To me, a lot of the debate over the health care bill is academic. We may well end up having this atrocity passed, but it will never take full effect. We'll run out of money first.
The country’s top-notch credit rating is in danger of being downgraded, Moody’s is warning—and if a ratings agency that completely failed to predict the financial crisis is sounding the alarm, we should all be afraid.
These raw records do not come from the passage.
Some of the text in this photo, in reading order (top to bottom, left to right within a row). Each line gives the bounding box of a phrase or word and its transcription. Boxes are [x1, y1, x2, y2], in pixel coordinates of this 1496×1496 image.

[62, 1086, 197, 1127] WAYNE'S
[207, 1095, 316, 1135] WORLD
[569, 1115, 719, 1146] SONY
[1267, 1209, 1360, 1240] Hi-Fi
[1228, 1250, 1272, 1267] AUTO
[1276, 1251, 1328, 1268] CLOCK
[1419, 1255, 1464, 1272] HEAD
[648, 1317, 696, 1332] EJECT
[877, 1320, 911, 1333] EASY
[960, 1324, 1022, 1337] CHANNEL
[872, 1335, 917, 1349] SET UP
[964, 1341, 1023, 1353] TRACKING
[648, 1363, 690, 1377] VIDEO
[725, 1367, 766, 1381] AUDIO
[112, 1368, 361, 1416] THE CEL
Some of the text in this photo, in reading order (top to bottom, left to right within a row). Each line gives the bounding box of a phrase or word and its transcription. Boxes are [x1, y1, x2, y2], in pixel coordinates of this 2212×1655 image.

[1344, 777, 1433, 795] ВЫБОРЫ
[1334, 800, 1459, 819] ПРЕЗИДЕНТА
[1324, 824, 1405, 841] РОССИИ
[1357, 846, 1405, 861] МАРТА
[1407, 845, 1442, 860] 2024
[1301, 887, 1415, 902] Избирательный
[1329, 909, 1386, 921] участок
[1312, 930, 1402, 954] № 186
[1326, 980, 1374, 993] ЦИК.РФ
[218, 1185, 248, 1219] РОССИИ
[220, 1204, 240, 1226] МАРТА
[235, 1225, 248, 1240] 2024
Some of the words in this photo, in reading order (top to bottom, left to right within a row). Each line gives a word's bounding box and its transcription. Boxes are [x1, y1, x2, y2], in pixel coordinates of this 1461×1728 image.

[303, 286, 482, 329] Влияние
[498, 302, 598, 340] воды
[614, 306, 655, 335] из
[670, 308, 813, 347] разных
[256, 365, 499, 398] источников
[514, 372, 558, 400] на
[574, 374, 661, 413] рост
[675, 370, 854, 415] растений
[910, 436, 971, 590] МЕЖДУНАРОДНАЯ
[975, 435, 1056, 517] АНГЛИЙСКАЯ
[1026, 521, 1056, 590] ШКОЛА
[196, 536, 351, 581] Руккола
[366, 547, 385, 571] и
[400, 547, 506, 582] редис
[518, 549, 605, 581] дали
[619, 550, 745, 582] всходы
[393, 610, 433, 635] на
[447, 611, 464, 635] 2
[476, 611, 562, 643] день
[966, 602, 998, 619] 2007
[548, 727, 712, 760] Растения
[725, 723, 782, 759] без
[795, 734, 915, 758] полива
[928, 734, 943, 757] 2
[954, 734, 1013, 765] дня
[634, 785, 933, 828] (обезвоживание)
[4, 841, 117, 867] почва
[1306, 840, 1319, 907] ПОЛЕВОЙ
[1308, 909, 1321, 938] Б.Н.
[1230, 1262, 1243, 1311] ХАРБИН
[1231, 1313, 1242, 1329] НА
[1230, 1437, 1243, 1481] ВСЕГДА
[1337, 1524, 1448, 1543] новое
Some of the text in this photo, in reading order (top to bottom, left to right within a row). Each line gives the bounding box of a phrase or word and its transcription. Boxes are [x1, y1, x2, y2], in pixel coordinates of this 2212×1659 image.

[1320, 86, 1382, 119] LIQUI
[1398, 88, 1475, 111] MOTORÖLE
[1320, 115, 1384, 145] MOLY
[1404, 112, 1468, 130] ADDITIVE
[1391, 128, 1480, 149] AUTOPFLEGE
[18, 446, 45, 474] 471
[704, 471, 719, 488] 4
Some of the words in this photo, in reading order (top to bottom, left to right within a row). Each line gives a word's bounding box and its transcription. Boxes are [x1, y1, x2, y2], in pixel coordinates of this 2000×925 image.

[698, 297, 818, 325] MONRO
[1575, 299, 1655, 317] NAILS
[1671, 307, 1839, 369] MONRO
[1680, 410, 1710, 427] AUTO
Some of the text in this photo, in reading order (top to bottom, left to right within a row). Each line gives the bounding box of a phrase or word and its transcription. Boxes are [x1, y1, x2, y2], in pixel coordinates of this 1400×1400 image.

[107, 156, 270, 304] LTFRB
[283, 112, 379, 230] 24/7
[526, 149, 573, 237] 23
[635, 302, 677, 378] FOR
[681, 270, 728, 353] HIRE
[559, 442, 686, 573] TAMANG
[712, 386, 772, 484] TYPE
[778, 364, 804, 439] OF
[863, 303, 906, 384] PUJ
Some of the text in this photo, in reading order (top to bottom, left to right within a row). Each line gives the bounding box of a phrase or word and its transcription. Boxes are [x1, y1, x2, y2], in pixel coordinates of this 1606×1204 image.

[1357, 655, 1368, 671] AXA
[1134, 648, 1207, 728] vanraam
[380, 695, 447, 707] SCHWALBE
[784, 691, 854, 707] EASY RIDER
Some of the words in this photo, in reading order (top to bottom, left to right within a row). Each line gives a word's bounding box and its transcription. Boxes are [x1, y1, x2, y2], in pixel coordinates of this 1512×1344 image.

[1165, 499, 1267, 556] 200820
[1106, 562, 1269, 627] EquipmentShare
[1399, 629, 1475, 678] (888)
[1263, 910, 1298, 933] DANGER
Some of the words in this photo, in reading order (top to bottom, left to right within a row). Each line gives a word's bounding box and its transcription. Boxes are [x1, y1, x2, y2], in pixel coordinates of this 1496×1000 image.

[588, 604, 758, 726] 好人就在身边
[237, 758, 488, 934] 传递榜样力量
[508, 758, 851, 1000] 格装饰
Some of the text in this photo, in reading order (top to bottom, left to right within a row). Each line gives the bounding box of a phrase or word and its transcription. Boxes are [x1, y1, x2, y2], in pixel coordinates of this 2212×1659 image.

Here’s how you know the massive amounts of debt compiled by the Bush administration, and the even greater debt loads promised as part of Barack Obama’s agenda, is reaching crisis proportions: Even the Wall Street bond-rating agencies are now sounding the alarm bells.
Moody's does not like to downgrade anyone and typically waits until it's too late to pull the trigger. Their warnings are no joke. Neither are our unfunded liabilities to our existing social program behemoths. We will never be able to pay for the things we promised, not no way, not no how. We will end up making deep cuts in our social spending. It is impossible to avoid it.

The only question is when and under what circumstances. We can either do it by choice and start soon, or we can wait for a Greek-style fiscal collapse and do it in a panic. If we pass the Obamacare monstrosity it will just hasten the day of panic, shortening the amount of time we have to decide as a society to voluntarily cut back on our social spending. The timing of our action will determine the depth of the cuts. The sooner we get started, the higher we will be able to draw the line determining what gets saved.

A society that was aware of the impending danger and had compassion for the poor, the elderly and the handicapped would start now. A society that was greedy and selfish would pass Obamacare and continue the party until the country fell apart.

The President playing Jeopardy. H/T: IMAO.

4 comments:

Jeff Burton said...

The rating agencies seem to be a lot like the rain forecasting device that works like this: when it's wet, rain is coming! When it's dry, no rain for a while!

tim eisele said...

The thing is, it seems straightforward enough to me to balance the budget:

1. Index social security to the average life expectancy instead of just letting it kick on at 65[*]

2. Make Medicare/Medicaid a real insurance operation (turn the Medicare/Medicaid taxes into actual premiums, and let people opt out of it if they feel so inclined - with the understanding that if they opt out, they don't get to opt back in again when they get old and sick)

3. Steel oneself for the howls of outrage, and line up another job for after you get voted out of office.

Easy! The only question is how to encourage the congressfolks to actually grow a spine. Maybe we need to create some sort of pseudo-party organization to provide new employment for politicians who do what is best for the country at the cost of their political careers.

[*] It has occurred to me that when people talk about Social Security as a Ponzi scheme, that isn't quite correct. When Social Security was set up, I understand that 65 was pretty close to the average life expectancy. So, it was expected from the outset that a lot of people would never live long enough to collect it, and those that did generally died within a couple of years. This is more like a continuous tontine - one of those deals where a group of people all throw some valuable into the kitty, and the last survivor gets everything. The difference is that a tontine is sustainable, while a Ponzi scheme is not; all the Ponzi investors eventually expect their money back, while a tontine expects a fairly aggressive attrition of the original investors. So, all we need to do is set the SS retirement age as being equal to the average life expectancy, and it goes back to being what it was originally - a way to keep widowed old ladies who are too sick to work from being reduced to eating cat food in the last few years of their lives.

K T Cat said...

Jeff, your point is dead on. In the linked article, it talks about the ratings agencies giving certain governments great grades right up to the point where they defaulted.

K T Cat said...

Tim, you're absolutely right. However, my developing argument on this blog is that the nature of our society has changed. Social Security was indeed meant for the end of life. Now it's seen as something we're all entitled to, just like so many other things. An entitlement is something you don't have to earn and the number of those we think we have is growing. All the while, we are learning to hate those who actually earn it who then bail out leaving us with no one to pay the bills.